Çalışma odasına gittik ve beni yere atıp gittiler.
Babam pencereden dışarıya bakıyordu. Yerden kalkmaya çalıştım ama aurası buna izin vermiyordu."Seni o kızla başbaşa bırakmamam gerektiğini biliyordum," dedi.
Babamın sözleri karşısında gülmekten kendimi alı koyamadım.
"Komik bir durum mu var?"
Aniden yanımda belirdi ve hemen boğazımın yanına kılıcını dayadı.
"Evet, sadece bütün gece beni mi izledin diye düşündüm."
Alaycı sözlerim karşısında babam iyice öfkelendi.
"İyice sınırı aştın, kendini daha ne kadar dibe düşüreceksin."
"Üzgünüm ama ben buyum, kabul et ya da etme bunu değiştiremeyeceksin."
Babam ellerini iyice sıktı Kılıcı boğazımda ufak bir kesik açtı.
"Kendini düşünmediğini biliyorum ama benim onurumuda düşünmedin mi? Nişanlı olduğunu bilmiyor musun? Elf kraliyet ailesine karşı nasıl utanç verici bir duruma düşürdüğünü biliyor musun?

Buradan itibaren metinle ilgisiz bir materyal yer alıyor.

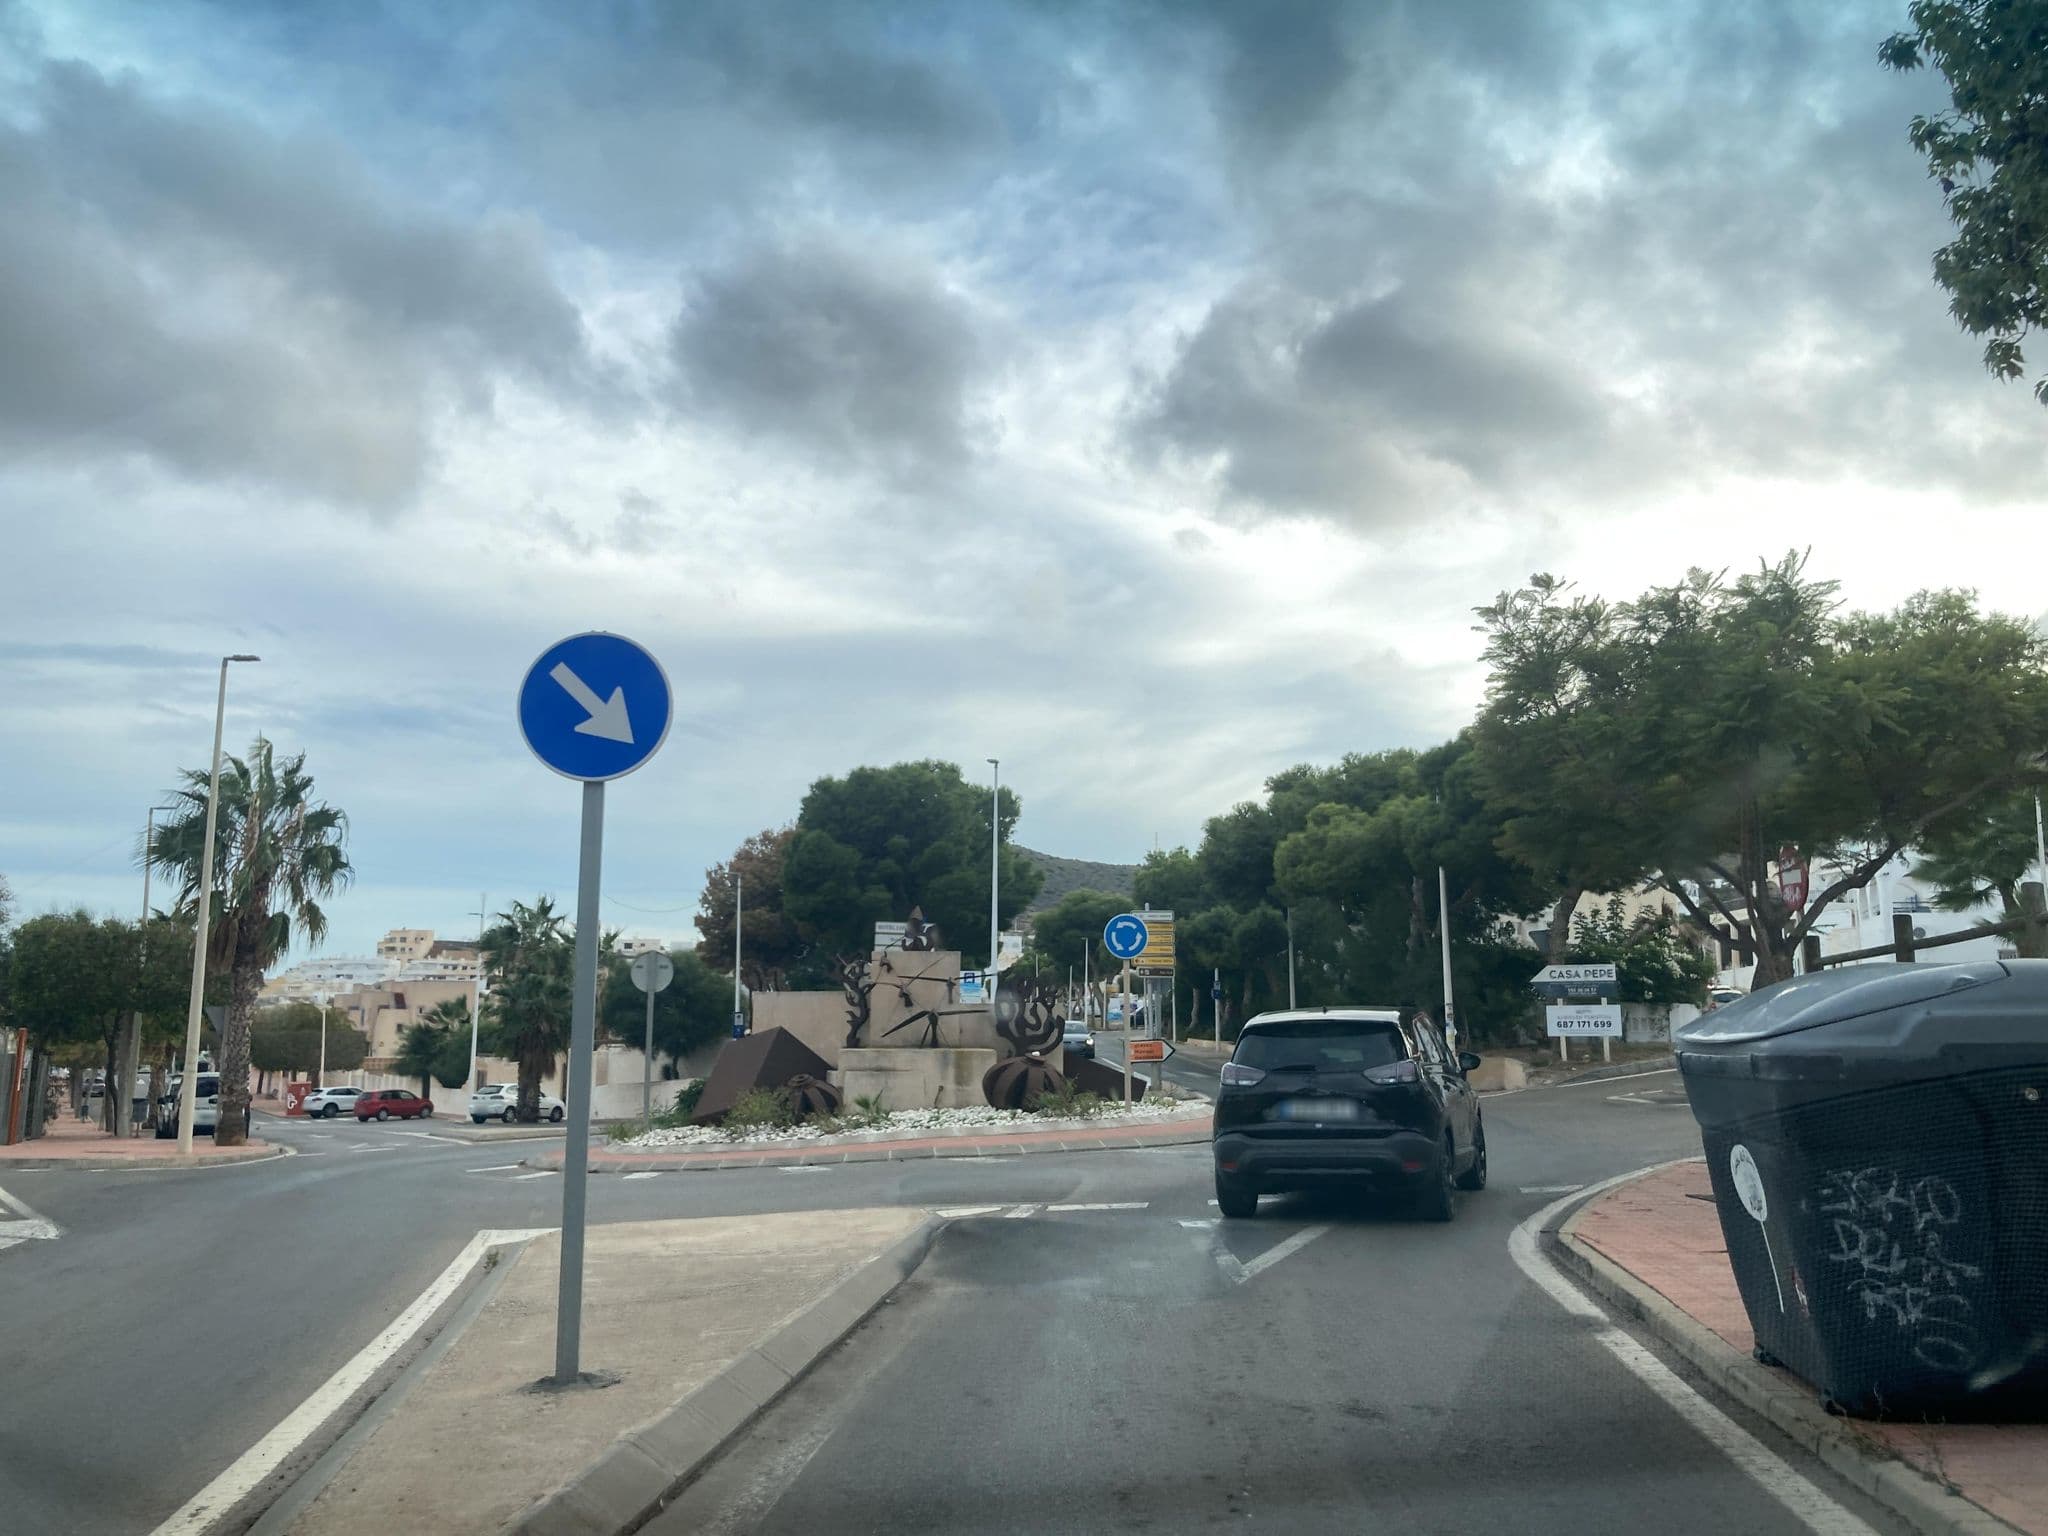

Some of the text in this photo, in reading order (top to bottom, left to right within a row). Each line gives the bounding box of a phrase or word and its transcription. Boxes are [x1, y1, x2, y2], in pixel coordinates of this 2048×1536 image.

[1549, 968, 1614, 979] CASA PEPE
[1557, 1020, 1612, 1028] 687 171 699

Neden sadece bir kerelik düşünüyorsun, neden ilerisini düşünmeden hareket ediyorsun.""İsteğim ve benim haberim olmadan yapılan bir nişan, ayrıca ben hep ilerisini düşünerek yaptım. Onların benim hakkımda ne düşündüğü umrumda değil, senin onuruna gelince bunu yapmadan önce bana sormalıydın. " diye sertçe çıkıştım.
"Her şeyi senin için yaptım, Prenses ile mutlu olacağını düşündüm için yaptım."
"Üzgünüm ama benim hayatım hakkında tek başına bencil bir karar aldın, Laena'yı hiçbir zaman istemedim. Bunu sana açıkça bir şekilde söyledim ama sen yinede beni görmezden geldin."
"Bir söz verdim ve onu bozamam, Laena senin için iyi bir eş adayı. Damarlarında asil kan akıyor," dedi babam.
"Sen bir ejderhasın, senin sözün kanundur. Elf kralı bile buna karşı çıkamaz ve benim için asil olup olmaması umrumda bile değil, ben kimi istersem onunla birlikte olurum."
"Tutmamız gereken sözler var, bunlar senin düşündüğün kadar kolay bozulamayacak türden sözler. "
Babamı anlıyordum ama o beni anlamıyordu. O sadece ailesini güçlendirmekle ilgili şeyler hakkında düşünüyordu onun dışında diğer şeyler onu ilgilendirmezdi.
ŞİMDİ OKUDUĞUN
Ejder Soyu (1. Kitap )
Fantasy(2. Kitap yayında ) Sıradan bir paralı asker olan Edward öldükten sonra edeya kıtasının soylu ailelerinden biri olan Dragonblood ailesinin en küçük çocuğu olarak doğar. Edward yeni yaşamındaki maceraları ve en küçük oğul olmanın getirdiği zorluklar...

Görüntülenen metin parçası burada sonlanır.